(Stored data entries)
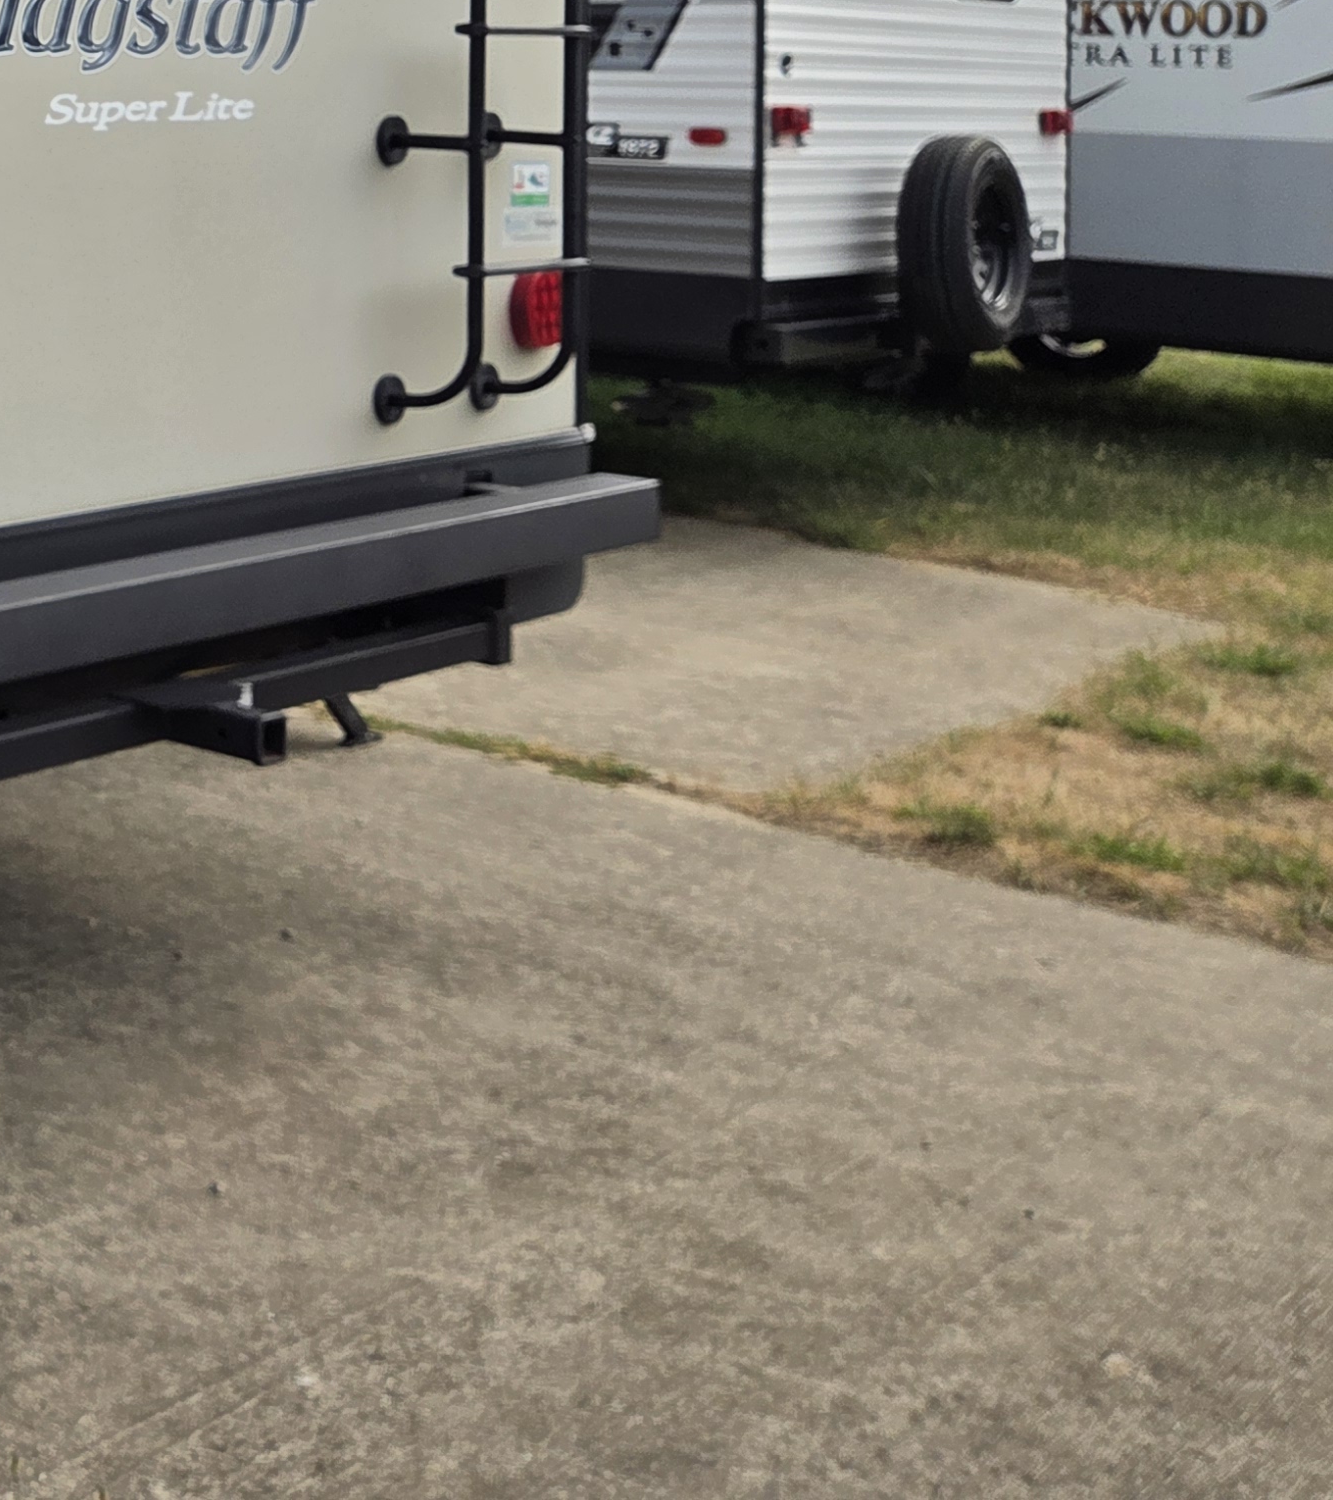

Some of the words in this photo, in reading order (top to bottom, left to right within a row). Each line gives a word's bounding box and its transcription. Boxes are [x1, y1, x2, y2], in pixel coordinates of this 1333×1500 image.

[1149, 43, 1233, 69] LITE
[44, 93, 165, 132] Super
[167, 91, 255, 124] Lite
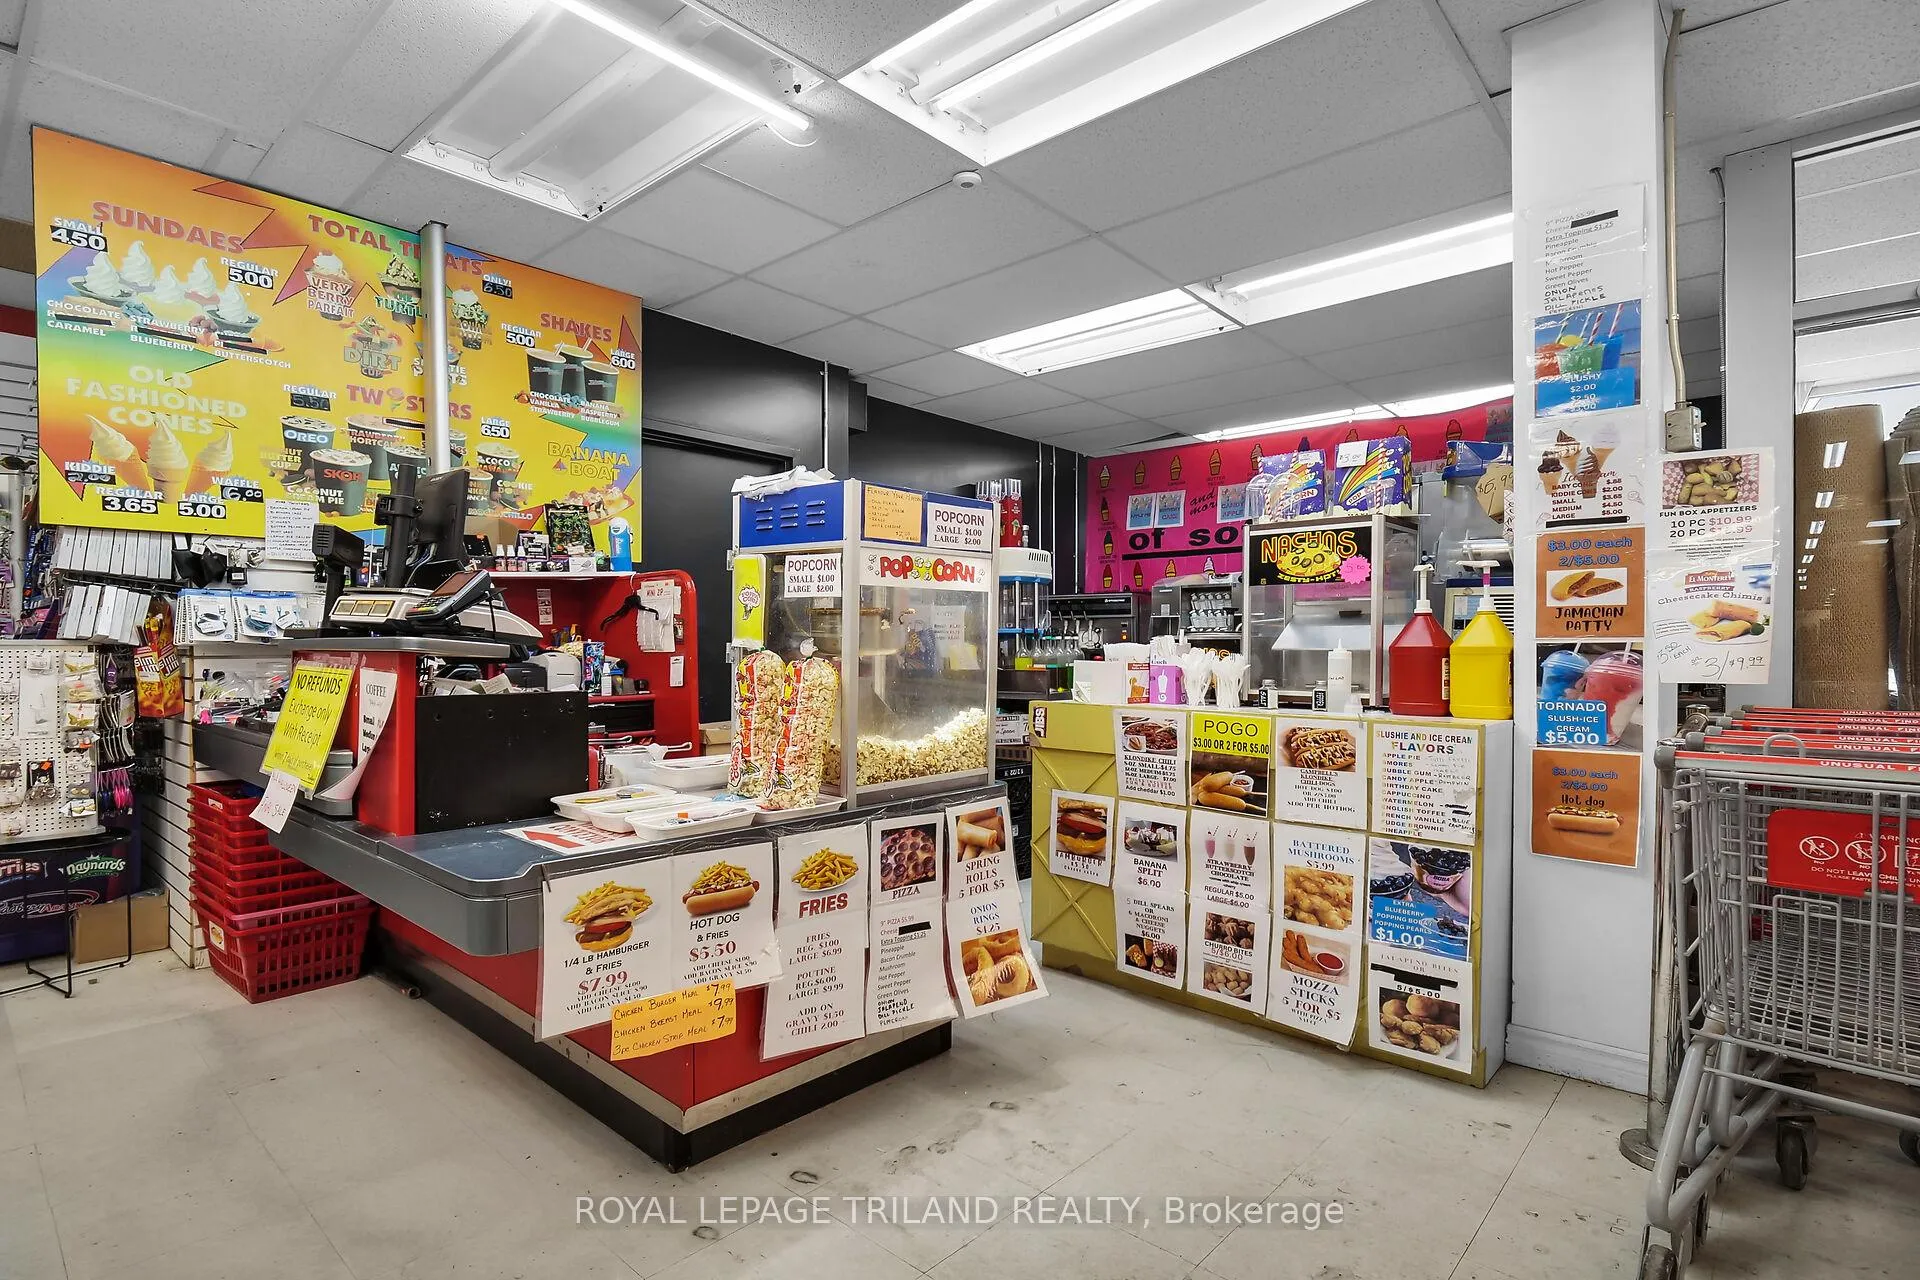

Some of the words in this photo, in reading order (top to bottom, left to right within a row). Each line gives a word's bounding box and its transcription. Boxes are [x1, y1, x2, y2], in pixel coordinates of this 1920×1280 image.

[92, 201, 244, 254] SUNDAES
[308, 214, 392, 251] TOTAL
[51, 228, 107, 251] 4.50
[221, 257, 278, 277] REGULAR
[312, 277, 352, 294] VERY
[1544, 286, 1577, 297] ONION
[308, 287, 354, 306] BERRY
[47, 299, 121, 320] CHOCOLATE
[47, 320, 106, 336] CARAMEL
[130, 314, 206, 334] STRAWBERRY
[540, 313, 612, 342] SHAKES
[130, 334, 194, 352] BLUEBERRY
[214, 349, 291, 369] BUTTERSCOTCH
[344, 346, 401, 371] DIRT
[129, 365, 193, 389] OLD
[1565, 373, 1602, 384] SLUSHY
[66, 378, 247, 418] FASHIONED
[283, 384, 336, 399] REGULAR
[108, 406, 213, 435] CONES
[480, 416, 511, 427] LARGE
[284, 429, 329, 444] OREO
[547, 441, 630, 467] BANANA
[64, 461, 116, 475] KIDDIE
[570, 461, 620, 481] BOAT
[212, 476, 260, 489] WAFFLE
[96, 485, 163, 500] REGULAR
[104, 497, 157, 513] 3.65
[179, 503, 226, 518] 5.00
[1601, 508, 1623, 516] $5.00
[1659, 508, 1677, 518] FUN
[1679, 508, 1698, 516] BOX
[1700, 504, 1758, 515] APPETIZERS
[934, 509, 985, 527] POPCORN
[1671, 519, 1686, 528] 10
[1688, 518, 1706, 527] PC
[1708, 515, 1753, 526] $10.99
[936, 525, 963, 535] SMALL
[965, 527, 983, 537] $1.00
[1128, 527, 1164, 550] of
[1669, 529, 1686, 538] 20
[1688, 527, 1706, 537] PC
[934, 534, 960, 543] LARGE
[964, 537, 981, 546] $2.00
[1261, 531, 1357, 563] NACHOS
[1547, 538, 1591, 552] $3.00
[1595, 537, 1632, 549] each
[787, 557, 837, 572] POPCORN
[1559, 553, 1620, 567] 2/$5.00
[879, 554, 915, 579] POP
[931, 557, 975, 583] CORN
[788, 574, 814, 583] SMALL
[817, 573, 835, 583] $1.00
[787, 584, 811, 593] LARGE
[816, 584, 834, 593] $2.00
[1658, 592, 1720, 605] Cheesecake
[1722, 592, 1763, 602] Chimis
[1555, 607, 1624, 619] JAMACIAN
[1565, 619, 1613, 632] PATTY
[134, 655, 157, 668] slim
[159, 655, 178, 670] slim
[295, 673, 306, 689] NO
[307, 675, 343, 696] REFUNDS
[365, 683, 387, 698] COFFEE
[288, 698, 318, 718] Exchange
[316, 706, 331, 724] only
[1537, 701, 1607, 712] TORNADO
[1547, 714, 1599, 723] SLUSH-ICE
[1204, 719, 1258, 737] POGO
[1556, 725, 1590, 733] CREAM
[298, 725, 321, 749] Receipt
[1545, 730, 1600, 745] $5.00
[1193, 737, 1212, 748] $3.00
[1213, 739, 1224, 750] OR
[1226, 740, 1231, 750] 2
[1232, 741, 1248, 752] FOR
[1249, 743, 1269, 755] $5.00
[1391, 741, 1454, 755] FLAVORS
[1833, 744, 1900, 752] UNUSUAL
[1820, 760, 1896, 770] UNUSUAL
[1137, 786, 1159, 794] cheddar
[1561, 794, 1582, 805] Hot
[1585, 795, 1605, 808] dog
[1293, 839, 1350, 854] BATTERED
[1288, 847, 1355, 864] MUSHROOMS
[965, 855, 1000, 872] SPRING
[1133, 858, 1168, 871] BANANA
[1205, 863, 1255, 877] BUTTERSCOTCH
[1207, 858, 1252, 871] STRAWBERRY
[1306, 859, 1335, 871] $5.99
[1826, 867, 1844, 875] NOT
[966, 868, 997, 884] ROLLS
[1137, 865, 1163, 878] SPLIT
[1210, 870, 1249, 882] CHOCOLATE
[958, 889, 965, 898] 5
[969, 882, 989, 895] FOR
[993, 879, 1005, 891] $5
[1137, 877, 1162, 888] $6.00
[892, 886, 920, 900] PIZZA
[1204, 885, 1234, 897] REGULAR
[1235, 889, 1255, 901] $5.00
[799, 892, 848, 919] FRIES
[970, 901, 997, 915] ONION
[1133, 899, 1149, 908] DILL
[1150, 901, 1175, 912] SPEARS
[1384, 905, 1425, 917] BLUEBERRY
[690, 918, 714, 931] HOT
[716, 912, 740, 925] DOG
[973, 913, 1000, 925] RINGS
[1376, 912, 1406, 922] POPPING
[696, 933, 704, 943] &
[706, 930, 729, 940] FRIES
[1375, 927, 1425, 948] $1.00
[563, 957, 580, 969] 1/4
[582, 953, 594, 964] LB
[596, 940, 650, 960] HAMBURGER
[689, 940, 736, 962] $5.50
[1204, 940, 1234, 951] CHURRO
[1234, 947, 1253, 958] BITES
[585, 966, 594, 975] &
[596, 959, 622, 973] FRIES
[796, 966, 836, 981] POUTINE
[578, 970, 628, 995] $7.99
[893, 977, 911, 989] Pepper
[1292, 975, 1339, 995] MOZZA
[1290, 986, 1335, 1006] STICKS
[1282, 997, 1289, 1005] 5
[1296, 1000, 1320, 1015] FOR
[1326, 1007, 1341, 1021] $5
[785, 1014, 821, 1029] GRAVY
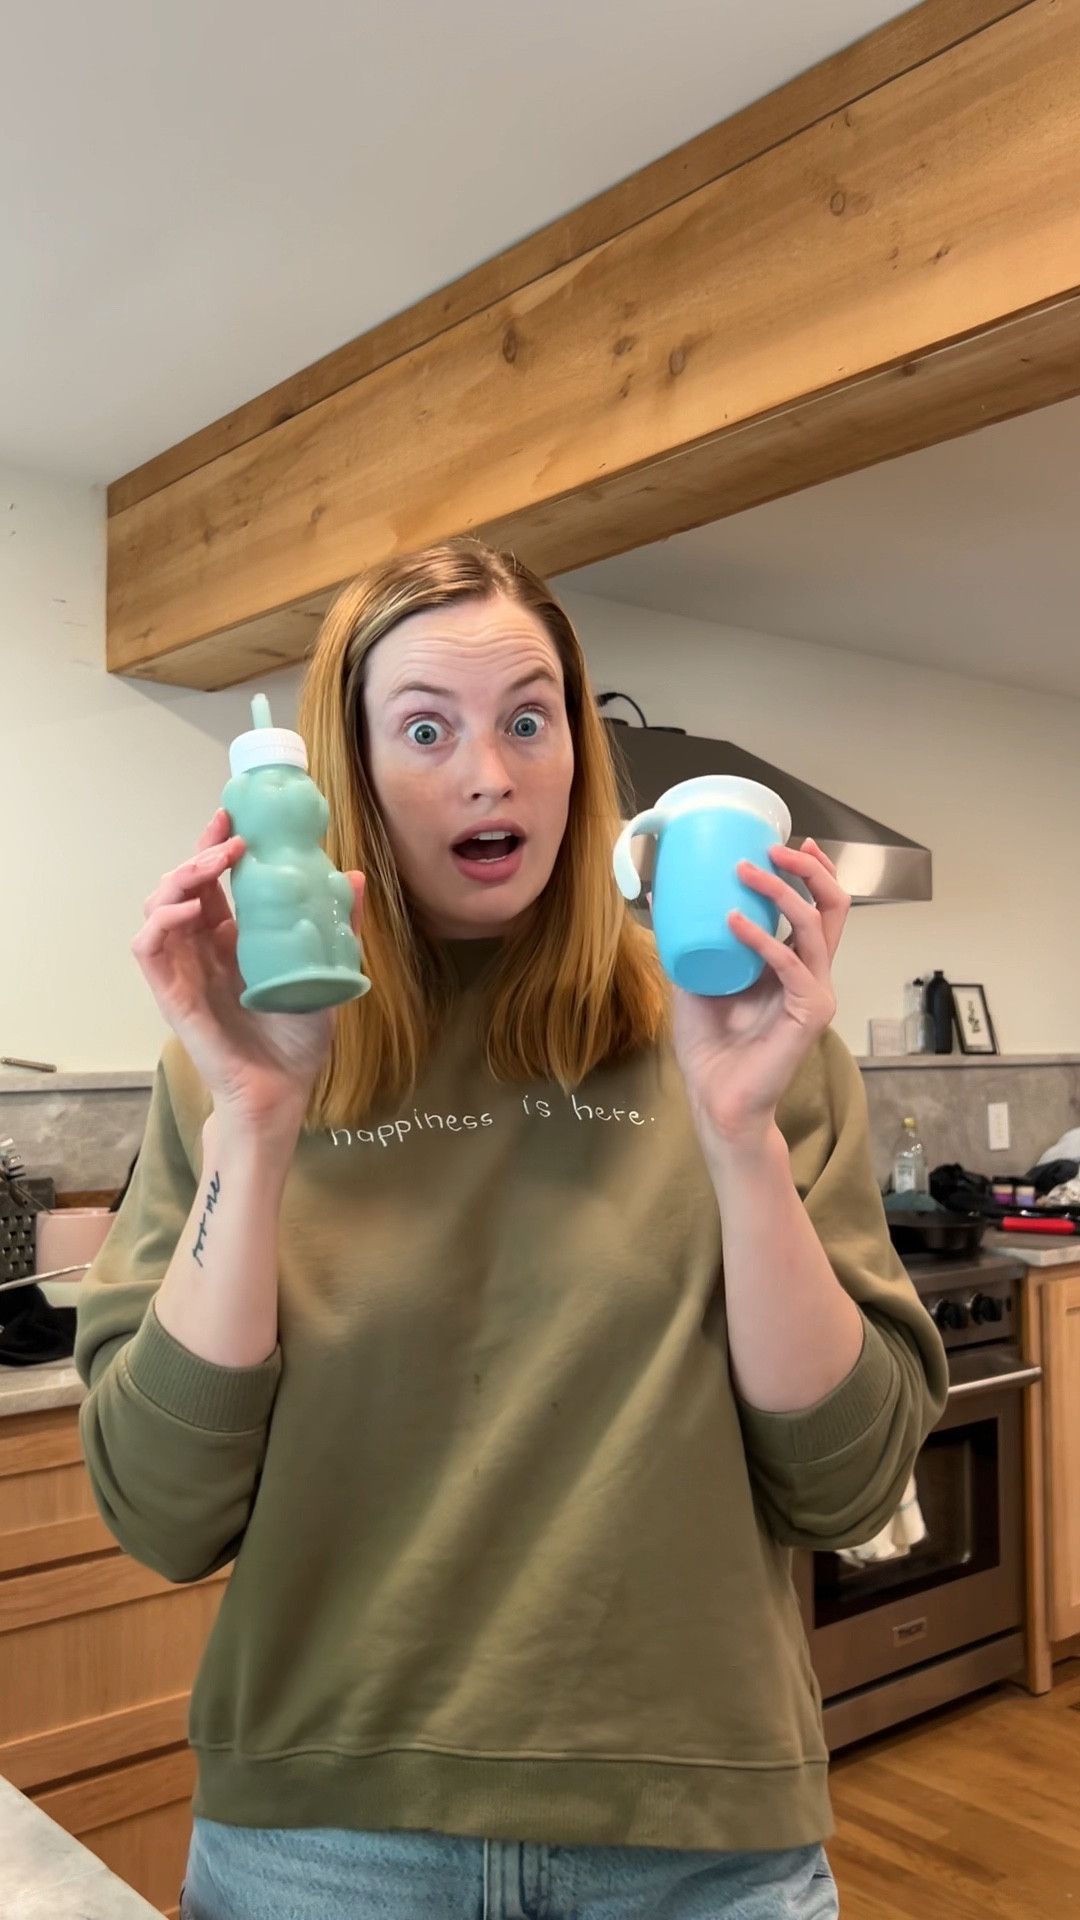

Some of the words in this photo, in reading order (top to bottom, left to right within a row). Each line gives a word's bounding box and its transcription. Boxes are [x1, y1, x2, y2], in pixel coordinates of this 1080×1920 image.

[330, 1108, 494, 1147] happiness
[522, 1094, 551, 1118] is
[571, 1093, 656, 1126] here.

**WORK REQUIRED**
Line for line, restate the data above and omit every picture.

**OUTPUT OF THE TASK**
Some of the words in this photo, in reading order (top to bottom, left to right within a row). Each line gives a word's bounding box and its transcription. Boxes are [x1, y1, x2, y2], in pixel coordinates of this 1333×1500 image.

[1149, 43, 1233, 69] LITE
[44, 93, 165, 132] Super
[167, 91, 255, 124] Lite

Some of the words in this photo, in reading order (top to bottom, left to right within a row). Each line gives a word's bounding box and its transcription. Boxes are [x1, y1, x2, y2], in pixel coordinates of this 1920×1280 image.

[92, 201, 244, 254] SUNDAES
[308, 214, 392, 251] TOTAL
[51, 228, 107, 251] 4.50
[221, 257, 278, 277] REGULAR
[312, 277, 352, 294] VERY
[1544, 286, 1577, 297] ONION
[308, 287, 354, 306] BERRY
[47, 299, 121, 320] CHOCOLATE
[47, 320, 106, 336] CARAMEL
[130, 314, 206, 334] STRAWBERRY
[540, 313, 612, 342] SHAKES
[130, 334, 194, 352] BLUEBERRY
[214, 349, 291, 369] BUTTERSCOTCH
[344, 346, 401, 371] DIRT
[129, 365, 193, 389] OLD
[1565, 373, 1602, 384] SLUSHY
[66, 378, 247, 418] FASHIONED
[283, 384, 336, 399] REGULAR
[108, 406, 213, 435] CONES
[480, 416, 511, 427] LARGE
[284, 429, 329, 444] OREO
[547, 441, 630, 467] BANANA
[64, 461, 116, 475] KIDDIE
[570, 461, 620, 481] BOAT
[212, 476, 260, 489] WAFFLE
[96, 485, 163, 500] REGULAR
[104, 497, 157, 513] 3.65
[179, 503, 226, 518] 5.00
[1601, 508, 1623, 516] $5.00
[1659, 508, 1677, 518] FUN
[1679, 508, 1698, 516] BOX
[1700, 504, 1758, 515] APPETIZERS
[934, 509, 985, 527] POPCORN
[1671, 519, 1686, 528] 10
[1688, 518, 1706, 527] PC
[1708, 515, 1753, 526] $10.99
[936, 525, 963, 535] SMALL
[965, 527, 983, 537] $1.00
[1128, 527, 1164, 550] of
[1669, 529, 1686, 538] 20
[1688, 527, 1706, 537] PC
[934, 534, 960, 543] LARGE
[964, 537, 981, 546] $2.00
[1261, 531, 1357, 563] NACHOS
[1547, 538, 1591, 552] $3.00
[1595, 537, 1632, 549] each
[787, 557, 837, 572] POPCORN
[1559, 553, 1620, 567] 2/$5.00
[879, 554, 915, 579] POP
[931, 557, 975, 583] CORN
[788, 574, 814, 583] SMALL
[817, 573, 835, 583] $1.00
[787, 584, 811, 593] LARGE
[816, 584, 834, 593] $2.00
[1658, 592, 1720, 605] Cheesecake
[1722, 592, 1763, 602] Chimis
[1555, 607, 1624, 619] JAMACIAN
[1565, 619, 1613, 632] PATTY
[134, 655, 157, 668] slim
[159, 655, 178, 670] slim
[295, 673, 306, 689] NO
[307, 675, 343, 696] REFUNDS
[365, 683, 387, 698] COFFEE
[288, 698, 318, 718] Exchange
[316, 706, 331, 724] only
[1537, 701, 1607, 712] TORNADO
[1547, 714, 1599, 723] SLUSH-ICE
[1204, 719, 1258, 737] POGO
[1556, 725, 1590, 733] CREAM
[298, 725, 321, 749] Receipt
[1545, 730, 1600, 745] $5.00
[1193, 737, 1212, 748] $3.00
[1213, 739, 1224, 750] OR
[1226, 740, 1231, 750] 2
[1232, 741, 1248, 752] FOR
[1249, 743, 1269, 755] $5.00
[1391, 741, 1454, 755] FLAVORS
[1833, 744, 1900, 752] UNUSUAL
[1820, 760, 1896, 770] UNUSUAL
[1137, 786, 1159, 794] cheddar
[1561, 794, 1582, 805] Hot
[1585, 795, 1605, 808] dog
[1293, 839, 1350, 854] BATTERED
[1288, 847, 1355, 864] MUSHROOMS
[965, 855, 1000, 872] SPRING
[1133, 858, 1168, 871] BANANA
[1205, 863, 1255, 877] BUTTERSCOTCH
[1207, 858, 1252, 871] STRAWBERRY
[1306, 859, 1335, 871] $5.99
[1826, 867, 1844, 875] NOT
[966, 868, 997, 884] ROLLS
[1137, 865, 1163, 878] SPLIT
[1210, 870, 1249, 882] CHOCOLATE
[958, 889, 965, 898] 5
[969, 882, 989, 895] FOR
[993, 879, 1005, 891] $5
[1137, 877, 1162, 888] $6.00
[892, 886, 920, 900] PIZZA
[1204, 885, 1234, 897] REGULAR
[1235, 889, 1255, 901] $5.00
[799, 892, 848, 919] FRIES
[970, 901, 997, 915] ONION
[1133, 899, 1149, 908] DILL
[1150, 901, 1175, 912] SPEARS
[1384, 905, 1425, 917] BLUEBERRY
[690, 918, 714, 931] HOT
[716, 912, 740, 925] DOG
[973, 913, 1000, 925] RINGS
[1376, 912, 1406, 922] POPPING
[696, 933, 704, 943] &
[706, 930, 729, 940] FRIES
[1375, 927, 1425, 948] $1.00
[563, 957, 580, 969] 1/4
[582, 953, 594, 964] LB
[596, 940, 650, 960] HAMBURGER
[689, 940, 736, 962] $5.50
[1204, 940, 1234, 951] CHURRO
[1234, 947, 1253, 958] BITES
[585, 966, 594, 975] &
[596, 959, 622, 973] FRIES
[796, 966, 836, 981] POUTINE
[578, 970, 628, 995] $7.99
[893, 977, 911, 989] Pepper
[1292, 975, 1339, 995] MOZZA
[1290, 986, 1335, 1006] STICKS
[1282, 997, 1289, 1005] 5
[1296, 1000, 1320, 1015] FOR
[1326, 1007, 1341, 1021] $5
[785, 1014, 821, 1029] GRAVY

Some of the words in this photo, in reading order (top to bottom, left to right within a row). Each line gives a word's bounding box and its transcription. Boxes are [x1, y1, x2, y2], in pixel coordinates of this 1080×1920 image.

[330, 1108, 494, 1147] happiness
[522, 1094, 551, 1118] is
[571, 1093, 656, 1126] here.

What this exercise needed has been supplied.